He was a melancholy man, downcast, ragged-bearded, with a glazed, yellow skin on his face, and shining scales upon the backs of his hands. His teeth were black with tobacco-chewing. His ears had been pierced for earrings, though he wore none. His eyes were deep-set, black; his mouth was a mere slit, his ears large and outstanding, like a couple of stunsails. He was obviously strong even yet. But he assuredly bore the marks of certain disastrous hours upon him, and his nerves betrayed him at times. I saw his hand shake when he lifted the drink to his lips.
'You've been through something, my friend,' I said to myself. 'I wonder what it is. It's not only "D.T."'
Life to my mind is a series of fights, and one is mostly knocked out. I could see that old Silent had been knocked out. Well, so had I, many a time, and his gloomy face appealed to me as a man of like disasters to myself. I saw (ay, and see) so many who seem to have no kind of insight into things. They are mere children, and one pities them as one does young recruits going to war. I've known men to die without suspecting it. For the most part, men live without suspecting any of the dangers, traps, pitfalls, and disasters that surround them. There was an uneasy alertness at times in this old seaman's eye which suggested that he knew Death was close at hand. I watched him keenly enough, for I had a great curiosity about him. What was the story of this poor inhabitant of this strange globe? What had he in common with those who see through illusion, who can pierce the hollow earth and see the fires, who can foretell storms, who can scent immediate and irremediable death?
This was folly, no doubt. I was in a bad state of mind, and had disaster behind me, and the shadow of it before me. There have been hours in many a man's life when the thought that he could end it was his only comfort. Without being in that state, my frame of mind was not wholly enviable, and I wanted some kind of help that I could not find. What was it that sent me to old Silent, if not the intuition that he had known worse than I?
We talked at last, at midnight, for I had found the clue to his heart in some inscrutable way beyond my knowledge. Perhaps he saw something in me that invited confidence. Oddly enough, strangers have often enough opened their hearts to me, when I least expected it. There is some deep necessity of confession in men's hearts, and in speech they compel sympathy—or at least they can plead their own cause.
''Tis a black night, sir,' said the old man, whose real name was Gilby, ''tis a black enough night.'
He was on the look-out, and it was the first hour after midnight. I climbed up and stood beside him close against the windlass, which looked in the dark like a stiff, distorted corpse covered with merciful canvas. The heavens were low and there was not one star visible. Wind there was none, and the sea was a dulled plate of pale dark steel. What air blew on the fo'castlehead we made ourselves. The cargo derricks on their platforms held watch with us: they looked diabolical and all alert. Under the straight stem of the Hindoo the sea hissed lightly like water escaping from a cock. The vibration of the engines was muffled for'ard; but it beat like a steady pulse.
'Ay, it's a very dark night,' I answered, as I stood alongside him in the very eyes of her.
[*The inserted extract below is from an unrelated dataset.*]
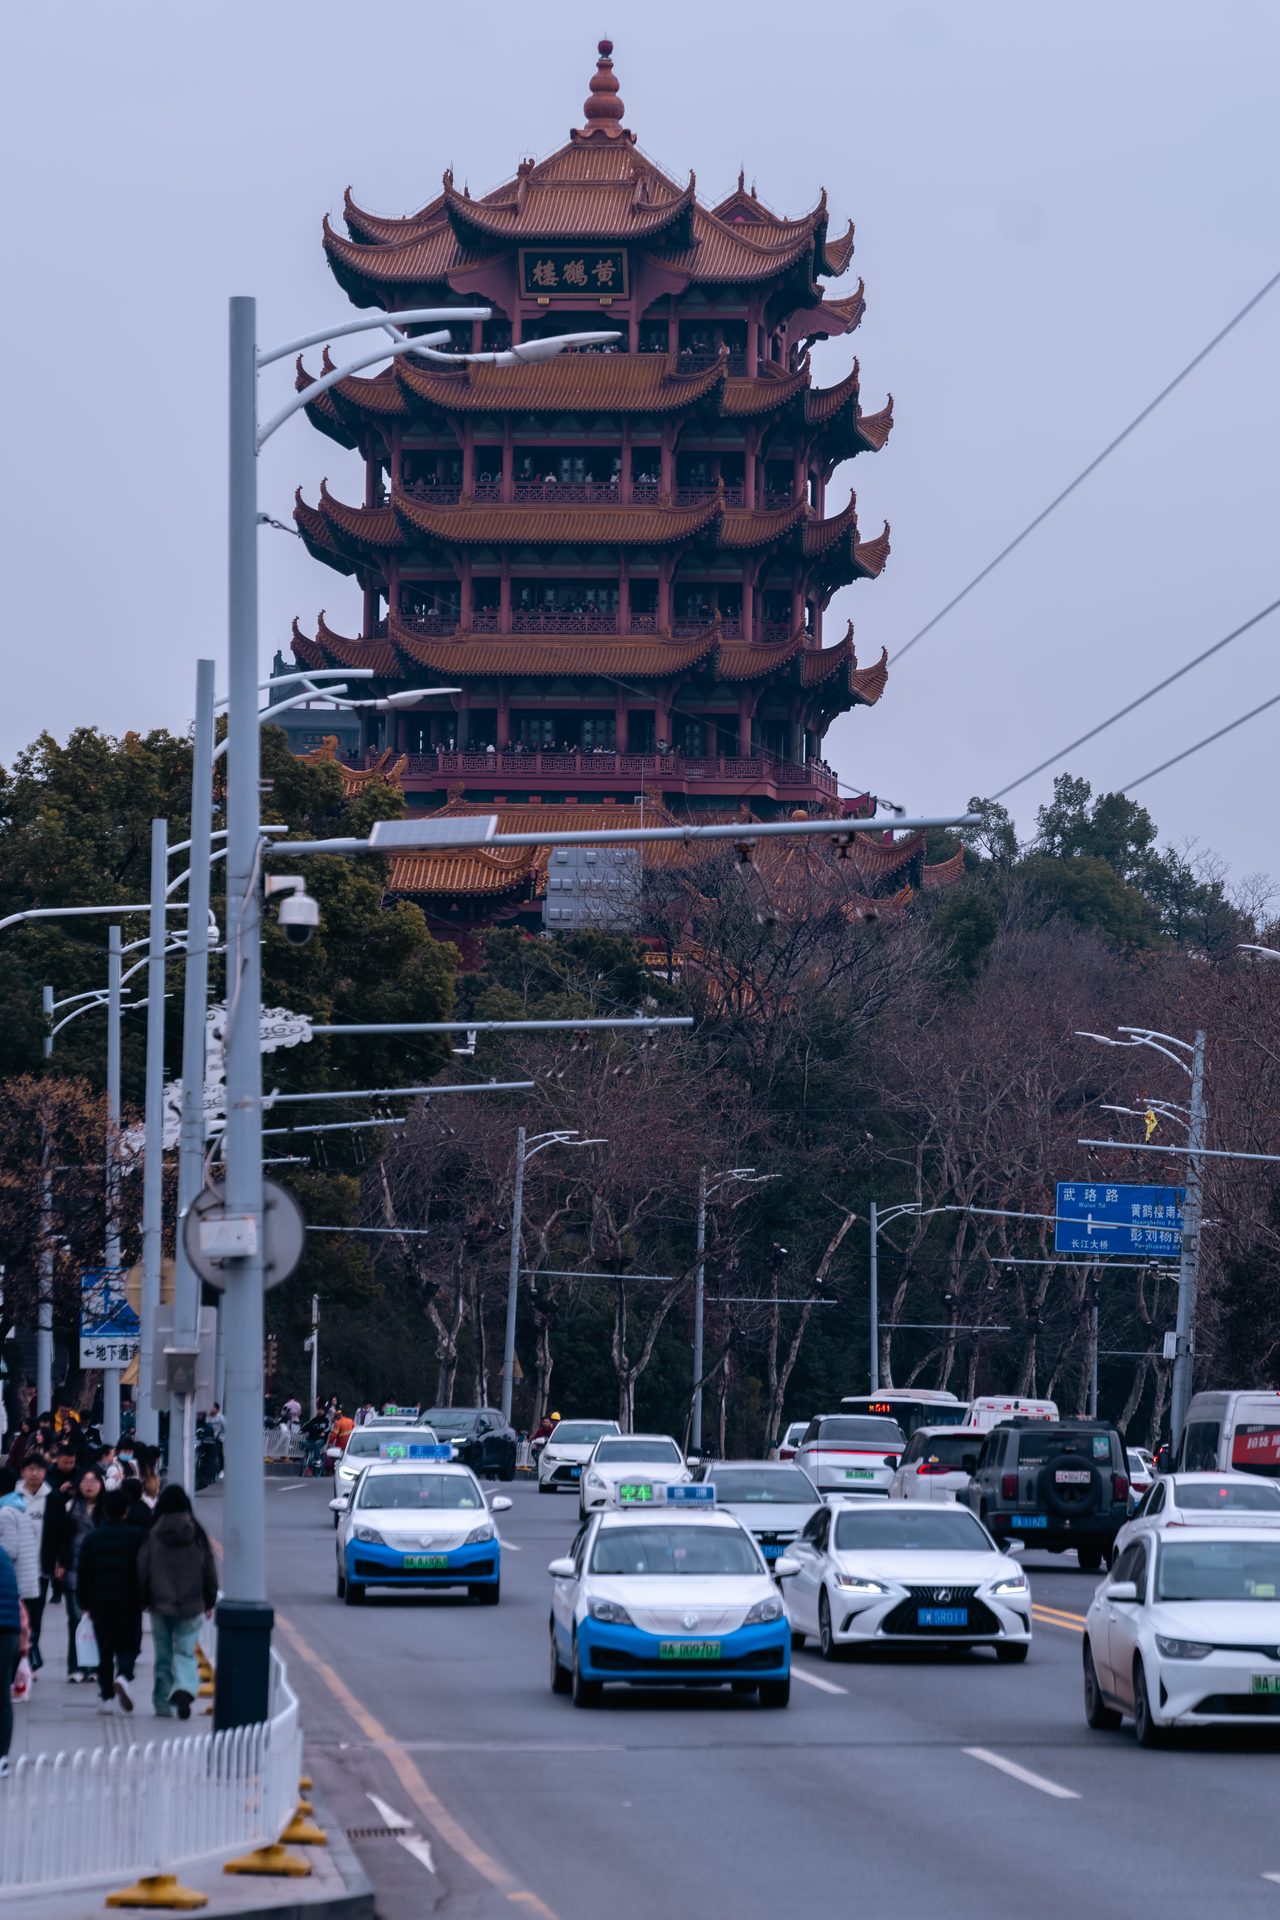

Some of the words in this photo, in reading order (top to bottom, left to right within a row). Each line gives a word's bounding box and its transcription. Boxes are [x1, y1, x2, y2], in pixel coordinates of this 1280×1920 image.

[1063, 1187, 1119, 1203] 武珞路
[1071, 1238, 1109, 1250] 长江大桥
[620, 1484, 652, 1503] 空车
I glanced up at the mast-head light, and what glow came to me blinded me still more. But the light was a kind of comfort. And so were the side lights. One could believe with the Chinese that a vessel might see with painted eyes on the bow. Neither of us spoke a word for full ten minutes.
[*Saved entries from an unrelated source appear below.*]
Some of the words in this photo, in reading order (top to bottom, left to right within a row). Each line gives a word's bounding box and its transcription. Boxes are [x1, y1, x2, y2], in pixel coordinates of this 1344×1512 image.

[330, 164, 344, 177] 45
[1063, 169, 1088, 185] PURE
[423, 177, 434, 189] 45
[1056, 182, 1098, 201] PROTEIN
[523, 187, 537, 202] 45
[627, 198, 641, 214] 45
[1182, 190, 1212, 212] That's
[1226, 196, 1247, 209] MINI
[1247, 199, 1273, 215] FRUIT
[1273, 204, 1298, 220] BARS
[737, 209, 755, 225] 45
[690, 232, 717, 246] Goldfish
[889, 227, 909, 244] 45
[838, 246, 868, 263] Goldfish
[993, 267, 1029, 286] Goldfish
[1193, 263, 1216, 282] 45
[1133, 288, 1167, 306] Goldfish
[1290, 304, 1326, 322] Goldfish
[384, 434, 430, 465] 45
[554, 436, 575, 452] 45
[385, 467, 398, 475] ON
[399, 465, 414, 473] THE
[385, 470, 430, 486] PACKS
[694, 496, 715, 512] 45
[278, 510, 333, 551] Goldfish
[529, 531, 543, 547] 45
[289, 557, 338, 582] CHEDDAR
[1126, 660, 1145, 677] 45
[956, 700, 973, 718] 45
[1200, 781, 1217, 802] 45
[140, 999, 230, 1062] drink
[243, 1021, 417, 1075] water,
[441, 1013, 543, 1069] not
'You've been a seaman, sir?' he asked presently.
'Twenty years ago.'
I went back twenty years, and was no more than a boy. Now was my 'Twenty Years After.' My old companions were dead or lost in the years.
'Twenty years you say, sir?'
There was something strange in his voice, an eagerness, a sharp pain.
'Full twenty,' I answered, dreaming.
'When I was young it seemed as if a man would forget anything in twenty years, sir.'
There were things one couldn't forget. I knew that, and I knew that here was an unforgetful heart of pain. My curiosity seemed most unworthy, and I was ashamed of it. But the old man spoke, and I knew he was not old.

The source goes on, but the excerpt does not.